*** Supplied data ***

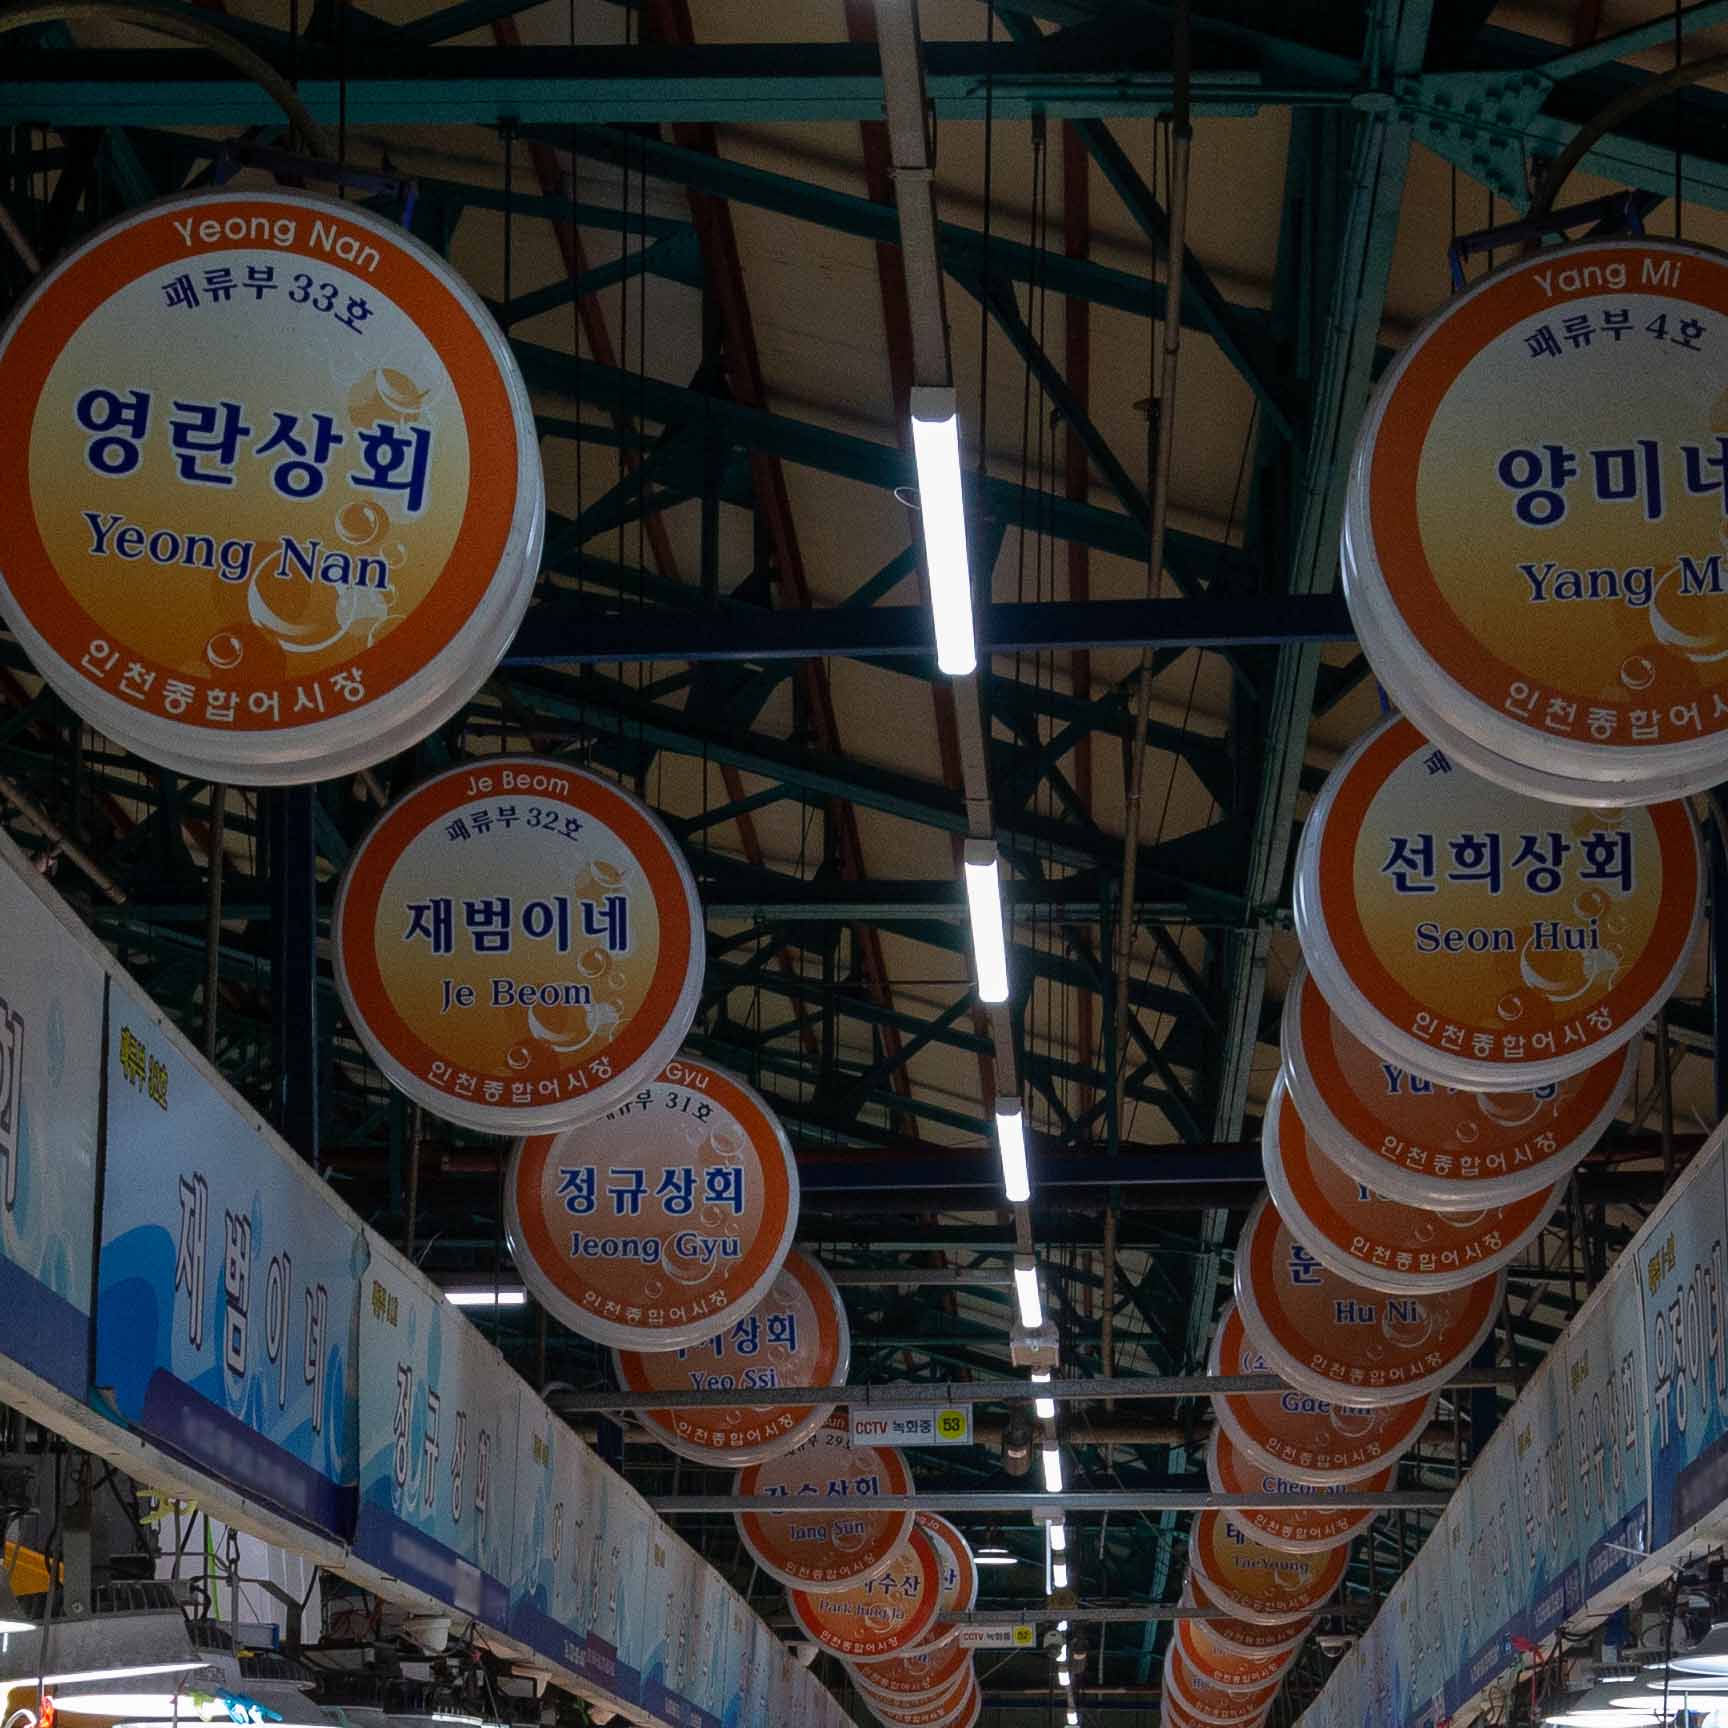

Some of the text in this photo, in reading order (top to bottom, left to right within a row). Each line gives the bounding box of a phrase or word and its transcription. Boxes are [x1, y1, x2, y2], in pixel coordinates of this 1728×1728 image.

[173, 212, 380, 272] Yeong Nan
[161, 265, 375, 334] 패류부 33호
[1534, 257, 1681, 299] Yang Mi
[1527, 308, 1708, 359] 패류부 4호
[76, 388, 432, 513] 영란상회
[84, 511, 390, 589] Yeong Nan
[1519, 561, 1654, 606] Yang
[80, 638, 366, 722] 인천종합어시장
[466, 770, 569, 797] Je Beom
[444, 804, 585, 842] 패류부 32호
[1381, 832, 1634, 894] 선희상회
[404, 896, 629, 954] 재범이네
[1416, 918, 1600, 953] Seon Hui
[439, 979, 592, 1014] Je Beom
[1412, 1005, 1614, 1060] 인천종합어시장
[427, 1056, 614, 1104] 인천종합어시장
[664, 1089, 714, 1125] 31호
[1379, 1131, 1557, 1177] 인천종합어시장
[558, 1167, 744, 1215] 정규상회
[570, 1231, 740, 1263] Jeong Gyu
[1350, 1231, 1502, 1272] 인천종합어시장
[175, 1170, 328, 1435] 재범이네
[581, 1288, 729, 1325] 인천종합어시장
[1337, 1298, 1417, 1324] Hu Ni
[689, 1367, 778, 1391] Yeo Ssi
[1312, 1353, 1441, 1385] 인천종합어시장
[680, 1413, 794, 1447] 인천종합어시장
[855, 1418, 960, 1435] CCTV 녹화중 53

***

Task objective: Return all of the records above exactly as written. Omit each picture.

Solution:
Some of the text in this photo, in reading order (top to bottom, left to right within a row). Each line gives the bounding box of a phrase or word and its transcription. Boxes are [x1, y1, x2, y2], in pixel coordinates of this 1728×1728 image.

[173, 212, 380, 272] Yeong Nan
[161, 265, 375, 334] 패류부 33호
[1534, 257, 1681, 299] Yang Mi
[1527, 308, 1708, 359] 패류부 4호
[76, 388, 432, 513] 영란상회
[84, 511, 390, 589] Yeong Nan
[1519, 561, 1654, 606] Yang
[80, 638, 366, 722] 인천종합어시장
[466, 770, 569, 797] Je Beom
[444, 804, 585, 842] 패류부 32호
[1381, 832, 1634, 894] 선희상회
[404, 896, 629, 954] 재범이네
[1416, 918, 1600, 953] Seon Hui
[439, 979, 592, 1014] Je Beom
[1412, 1005, 1614, 1060] 인천종합어시장
[427, 1056, 614, 1104] 인천종합어시장
[664, 1089, 714, 1125] 31호
[1379, 1131, 1557, 1177] 인천종합어시장
[558, 1167, 744, 1215] 정규상회
[570, 1231, 740, 1263] Jeong Gyu
[1350, 1231, 1502, 1272] 인천종합어시장
[175, 1170, 328, 1435] 재범이네
[581, 1288, 729, 1325] 인천종합어시장
[1337, 1298, 1417, 1324] Hu Ni
[689, 1367, 778, 1391] Yeo Ssi
[1312, 1353, 1441, 1385] 인천종합어시장
[680, 1413, 794, 1447] 인천종합어시장
[855, 1418, 960, 1435] CCTV 녹화중 53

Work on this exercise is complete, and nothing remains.